Brasil
Mais seletivo e mais eficiente
Mecanismo que filtra a entrada de processos no STF
torna o tribunal mais ágil – ou melhor, menos lento
Laura Diniz
Luiz Silveira/SCO/STF |
AÇÕES CHEGAM NO ATACADO Em 2008, o STF apreciou 130 000 processos – mais de 1 000 vezes o que analisou a Suprema Corte americana |
Até 2007, o Supremo Tribunal Federal (STF) era um desaguadouro desprovido de filtro. O mais alto tribunal do país julgava até briga de vizinhos. A situação produzia, além do desvirtuamento de suas funções, uma catástrofe operacional – cada um dos onze ministros do STF recebia mais de 800 novos processos por mês, e o número de ações acumuladas à espera de julgamento chegava a 151 000. O mecanismo da repercussão geral, introduzido pela Reforma do Judiciário de 2004, melhorou muito a situação. A partir da sua aplicação, há dois anos, o STF passou a julgar apenas recursos de relevância social, política, econômica ou jurídica – ou seja, aqueles que interessam à totalidade do país, como cabe a um tribunal que tem a função de ser o intérprete da Constituição. A principal consequência disso é que a decisão de cada recurso admitido passa a valer para todo processo semelhante, o que dispensa o STF de analisar várias vezes a mesma causa. Assim, o número de novos processos recebidos mensalmente por ministro caiu para menos de 400 e o de ações à espera de julgamento teve uma redução de 29%.
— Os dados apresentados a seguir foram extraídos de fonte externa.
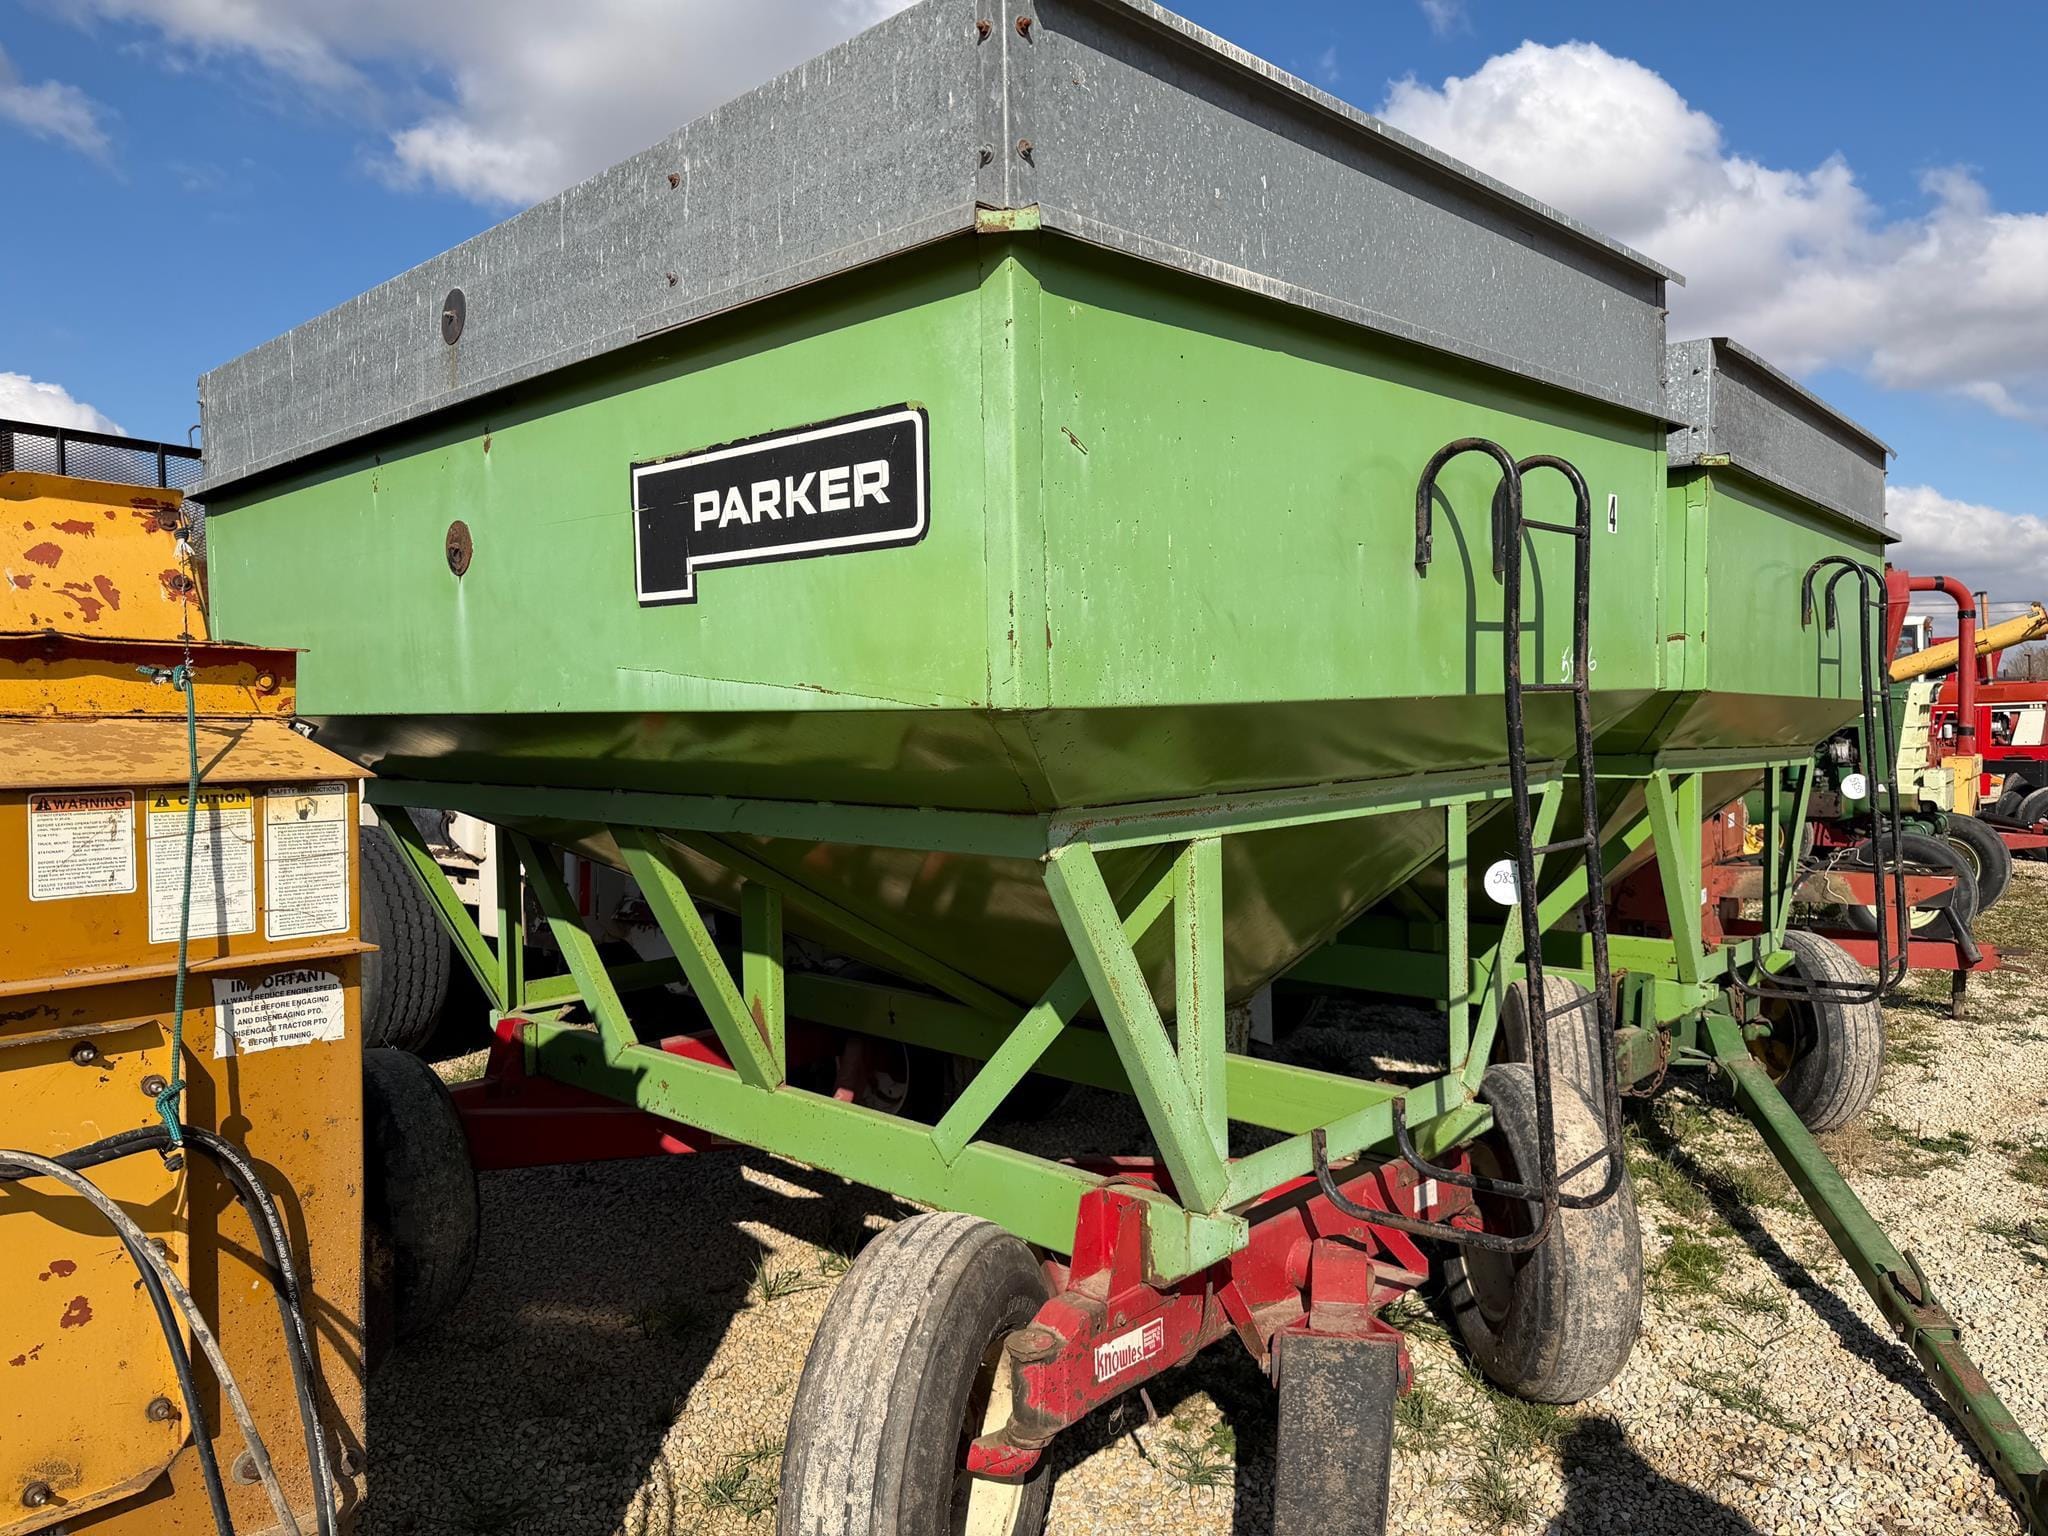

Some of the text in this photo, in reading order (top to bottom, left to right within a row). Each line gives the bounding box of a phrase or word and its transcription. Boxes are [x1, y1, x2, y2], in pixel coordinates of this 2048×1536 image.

[693, 459, 890, 532] PARKER
[1609, 496, 1616, 532] 4
[53, 797, 126, 810] WARNING
[178, 793, 246, 805] CUTION
[1493, 870, 1519, 884] 585
[231, 970, 326, 993] IMORTANT
[221, 983, 338, 1005] ALWAYS REDUCE ENGINE SPEED
[230, 995, 330, 1016] TO IDLE BEFORE ENGAGING
[233, 1017, 328, 1038] DISENGAGE TRACTOR PTO
[237, 1017, 254, 1026] AND
[255, 1009, 306, 1023] DISENGAGING
[248, 1035, 278, 1046] BEFORE
[239, 1162, 256, 1182] COVER
[272, 1227, 281, 1241] MPa
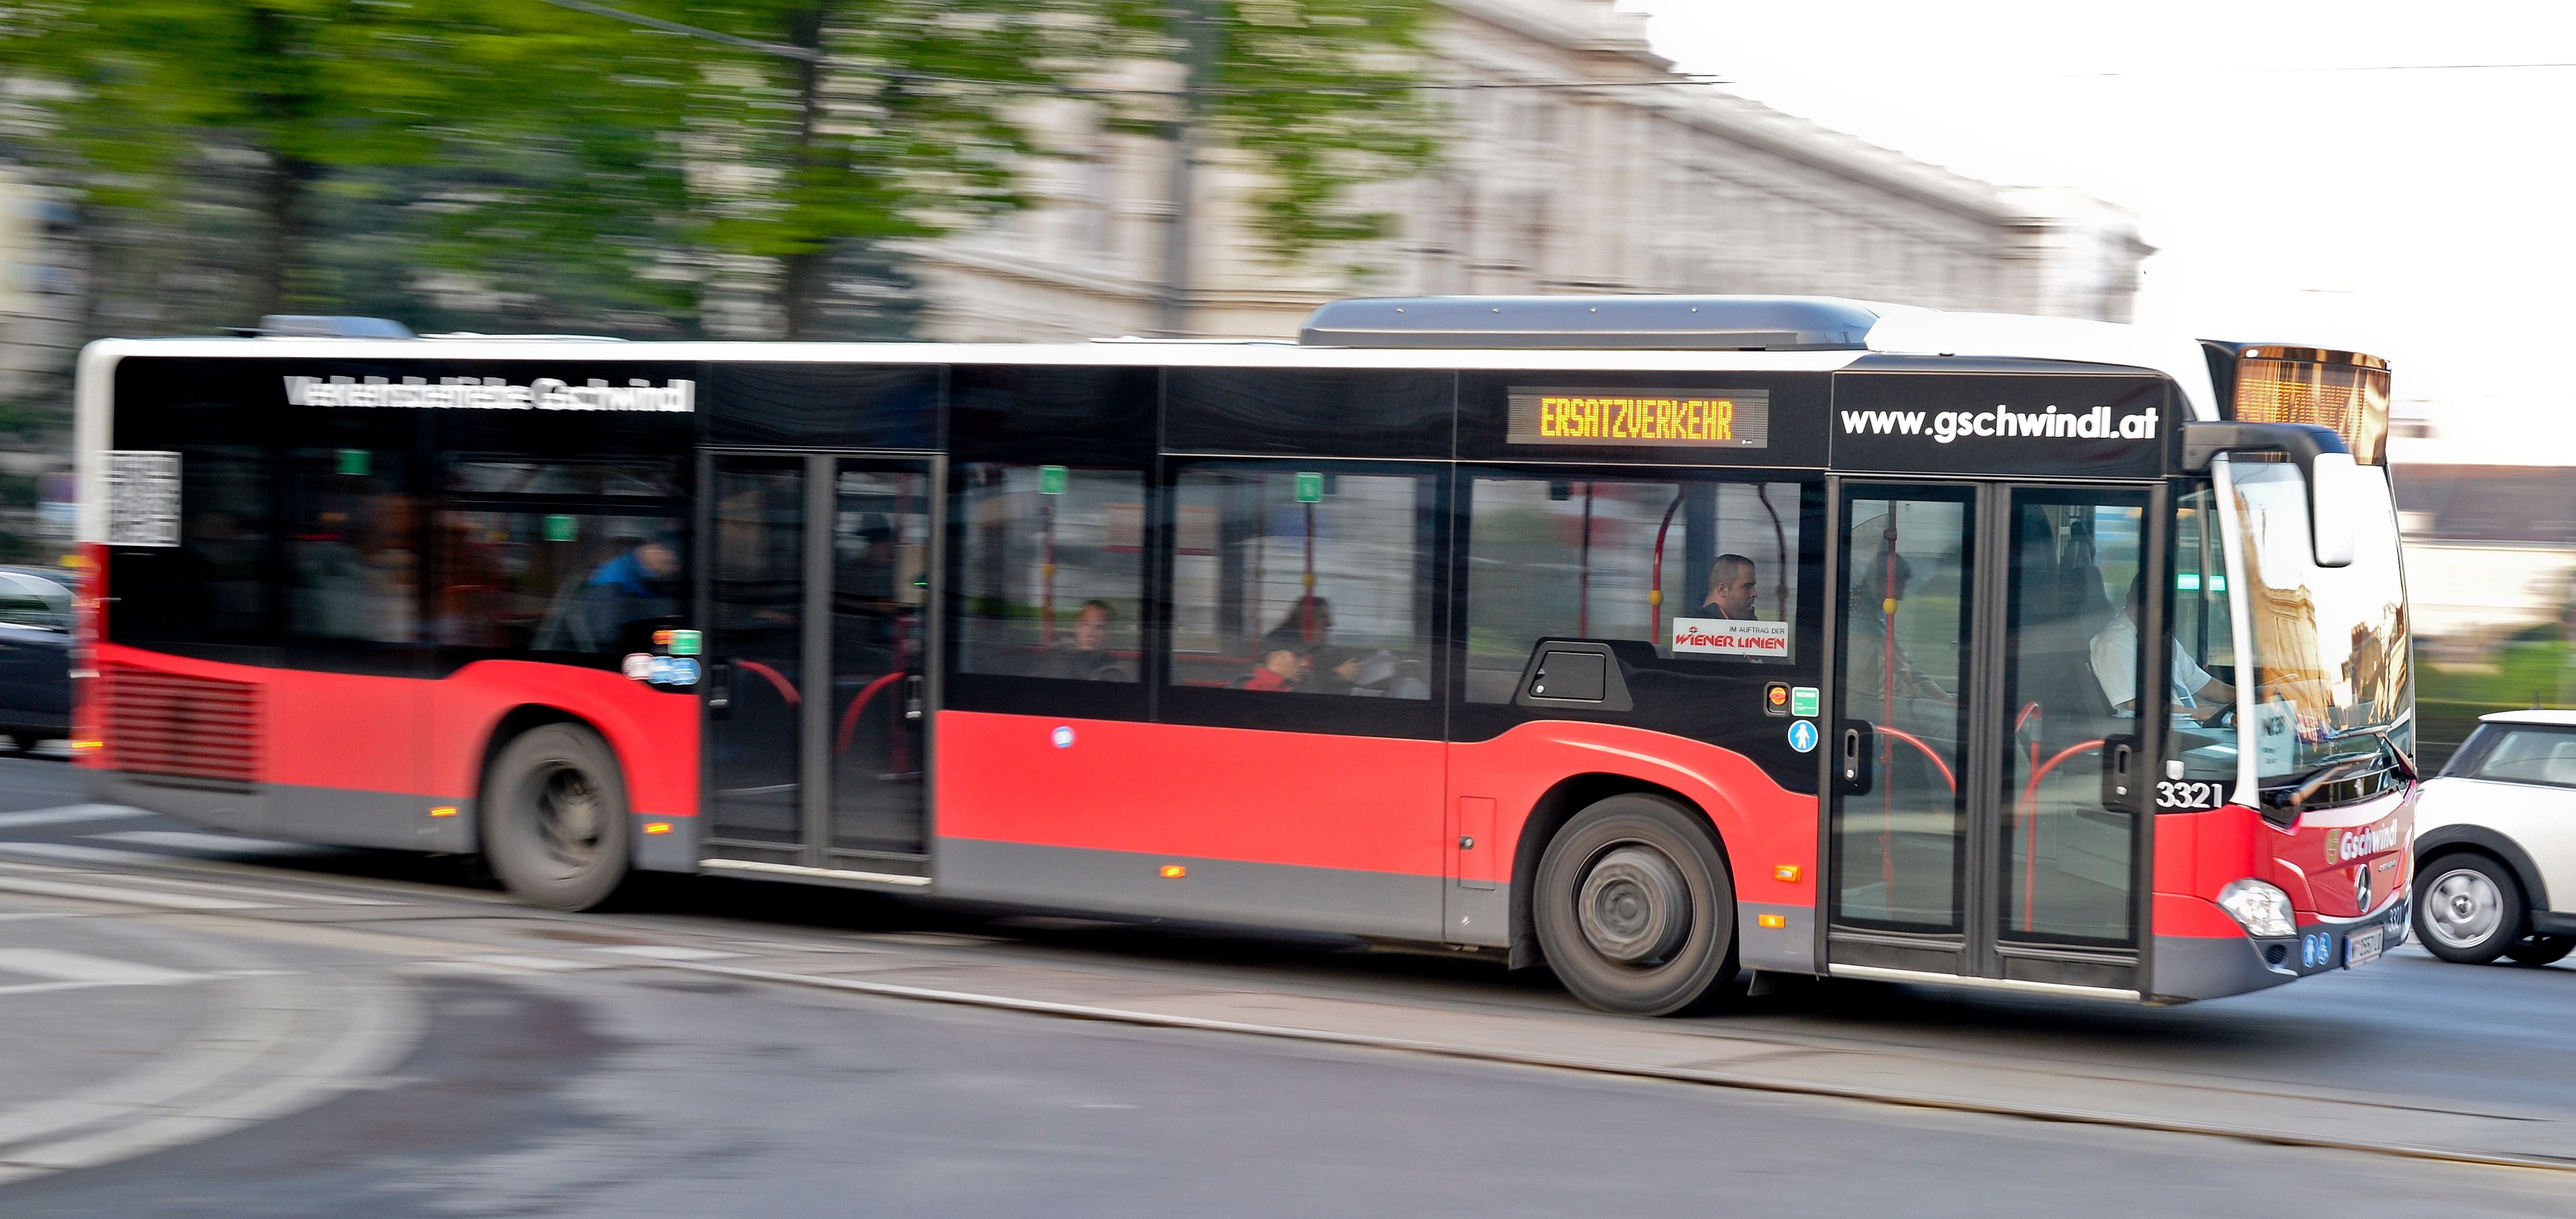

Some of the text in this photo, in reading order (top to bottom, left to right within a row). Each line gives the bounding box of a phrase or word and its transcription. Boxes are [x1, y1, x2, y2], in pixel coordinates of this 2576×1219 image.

[1541, 398, 1732, 440] ERSATZVERKEHR
[1840, 405, 2159, 444] www.gschwindl.at
[1675, 634, 1785, 650] WIENER LINIEN
[2155, 781, 2222, 808] 3321
[2340, 819, 2398, 861] Gschwindl
Para a sociedade, a mudança representa duas boas notícias: a primeira é que, com a entrada de menos ações, a fila dos processos andará mais rápido. A segunda é que os ministros julgarão melhor, uma vez que terão mais tempo para se dedicar à análise dos recursos, em vez de sentenciar em ritmo de produção industrial. Em 2008, o STF apreciou 130 000 ações – mais de 1 000 vezes o que é analisado pela Suprema Corte americana anualmente (uma centena de casos) e o dobro do que julgou a Suprema Corte da Argentina em 2007. Por que o STF chegou a esse ponto? A razão principal é o fato de a Constituição brasileira ter sido escrita ao modo de um regulamento de condomínio, imiscuindo-se até em assuntos como o monopólio da União no transporte marítimo de petróleo bruto. Os constituintes de 1988 pensavam que assim estariam garantindo a mais ampla proteção ao cidadão. Acabaram criando um texto que, além dos direitos fundamentais, incluiu centenas de itens excessivamente específicos. Essas especificidades, com frequência, são controversas, e casos aparentemente simples vão galgando as instâncias jurídicas até chegar ao STF. Advogados hábeis conseguem transformar qualquer caso em "questão constitucional" – mais uma que vai entulhar os escaninhos do Supremo.
Gilmar Mendes, presidente do tribunal, está otimista em relação aos efeitos que os mecanismos de filtro implantados em 2007 estão tendo. Ele estima que, a partir de 2016, o tempo para um processo terminar em definitivo deve cair dos atuais catorze anos para quatro. É um avanço, mas é pouco. O ideal seria reformar a Constituição para livrá-la desses artigos labirínticos. Nesse caso, convenhamos, o ideal é inimigo do possível.